Allons, les jeunes ne sont pas si bêtes et agités. Si l’on croit que des cours de morale peuvent les aider, c’est qu’on n’a pas complètement perdu confiance dans leur attention et leur intelligence.

Travaux pratiques :

– une jeune femme, fille d’amis, qui vient juste de prendre en charge à la rentrée  une classe de CE1 dans un petit bourg sans problème a demandé  à un de ses élèves de se calmer, l’enfant lui a répondu « va chier » . 

–  deux jours avant, une amie prof de 59 ans demande à un élève de 6ème de ranger ses affaires, une fois, deux fois. A la troisième fois, elle hausse le ton, il réplique :  « c’est quoi ton problème, tu veux me sucer ? »  

Réagir à ces situation n’est-ce pas faire preuve de moralisation de leur comportement ? Pourquoi dramatiser le mot morale en le soupçonnant  systématiquement de ceci :

J‘entrevois dans tous les projets de faire revenir la morale à l’école la nostalgie d’un temps où les élèves portaient la blouse grise, où ils n’avaient rien à dire sur rien et où on pouvait les punir sans risquer de se faire sanctionner (Ogien) 

Les lois ne relèvent-elles pas de la morale. Ne parle-t-on pas de moraliser la vie politique, financière, l’exploitation des ressources de la terre ? Le fondement de la morale  s’appuie sur des normes de moeurs qui deviendront règles et principes de vie.  Mais la pression sociale de tel ou tel pays peut être très différente, ainsi la morale n’est finalement pas universelle.

ce qui l’est ,  universel, en revanche, c’est la faculté d’apprendre à  réfléchir, de développer son esprit critique, d’élargir ses connaissances pour affûter ses propres valeurs.

Finalement au lieu d’imposer des cours de morale à l’école primaire, repas servis qui ne laissent aucune place à la réflexion mais invite à l’obéissance, ne devrait-on pas proposer aux enfants dès le CP des cours de philosophie  pour encourager l’enfant à réfléchir. La philo enseignée aux tout petits est un excellent vecteur de pensée.

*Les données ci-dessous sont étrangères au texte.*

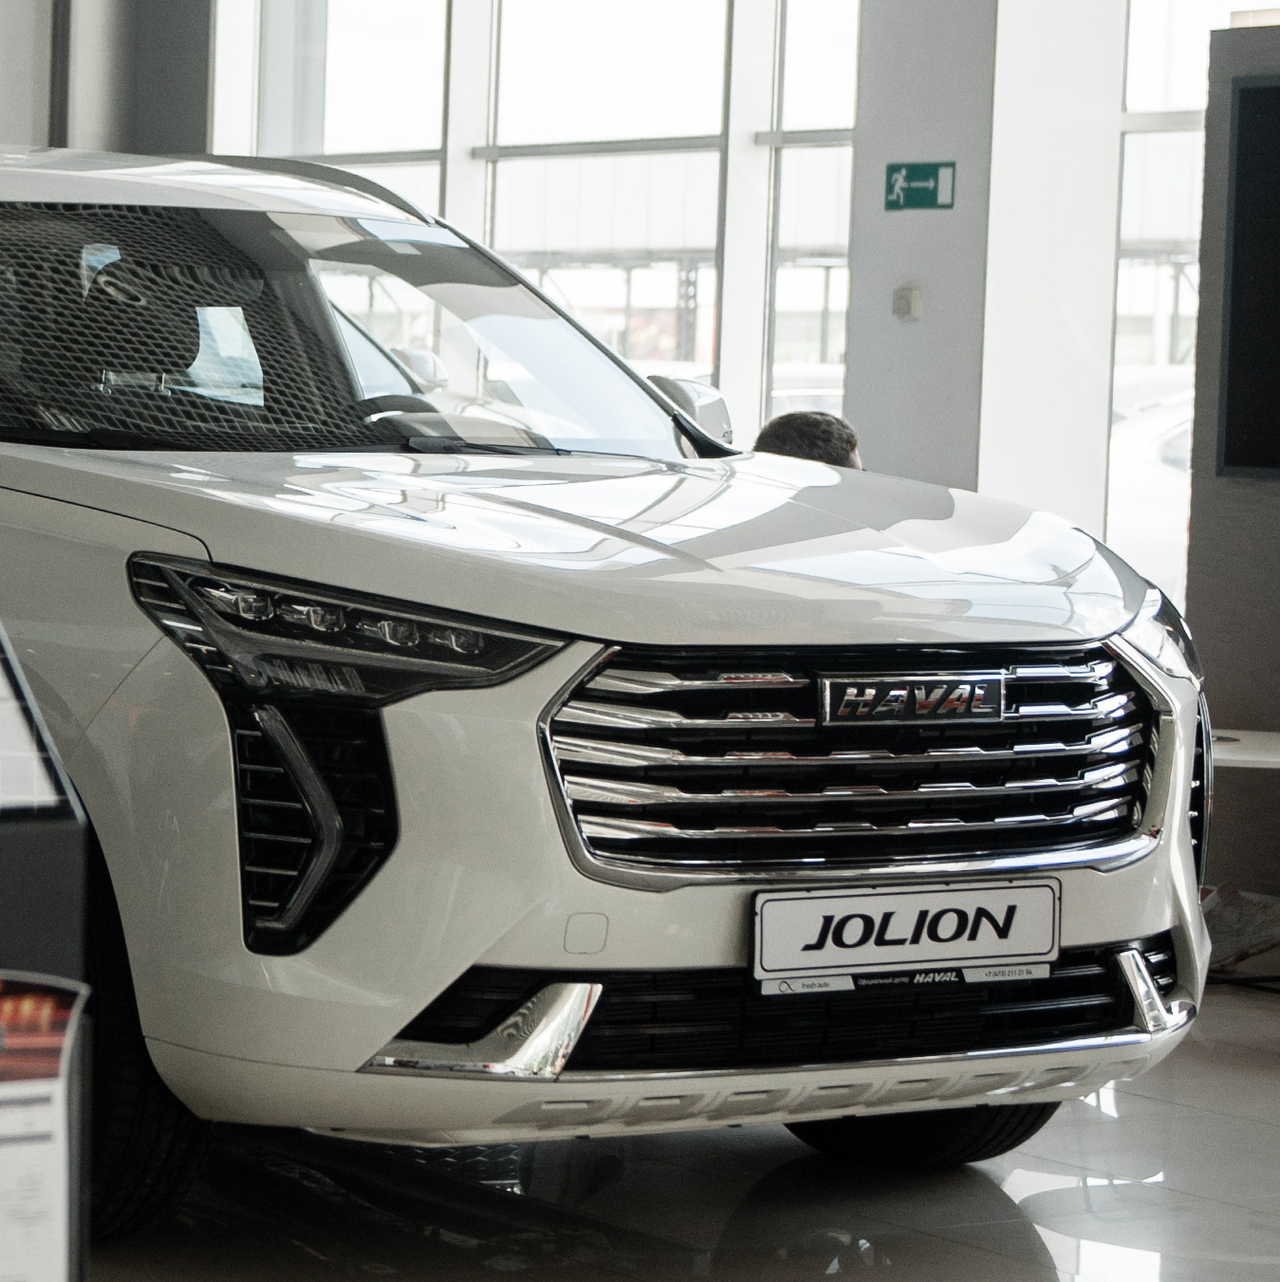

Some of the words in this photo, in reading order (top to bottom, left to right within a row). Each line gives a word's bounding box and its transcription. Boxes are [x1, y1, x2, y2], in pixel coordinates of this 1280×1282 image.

[837, 684, 997, 716] HAVAL
[800, 904, 1018, 952] JOLION
[913, 971, 960, 984] HAVAL

Parce que, si on pousse le bouchon plus loin, et ce n’est pas hors sujet, on peut parler du droit, qui peut faire partie intégrante de la morale,  de la désobéissance civique, lorsque ce que l’on nous oblige à faire est contraire à notre conscience. Par exemple , héberger des  sans papier.

La morale ne se réduit pas à  savoir dire bonjour, aurevoir, merci.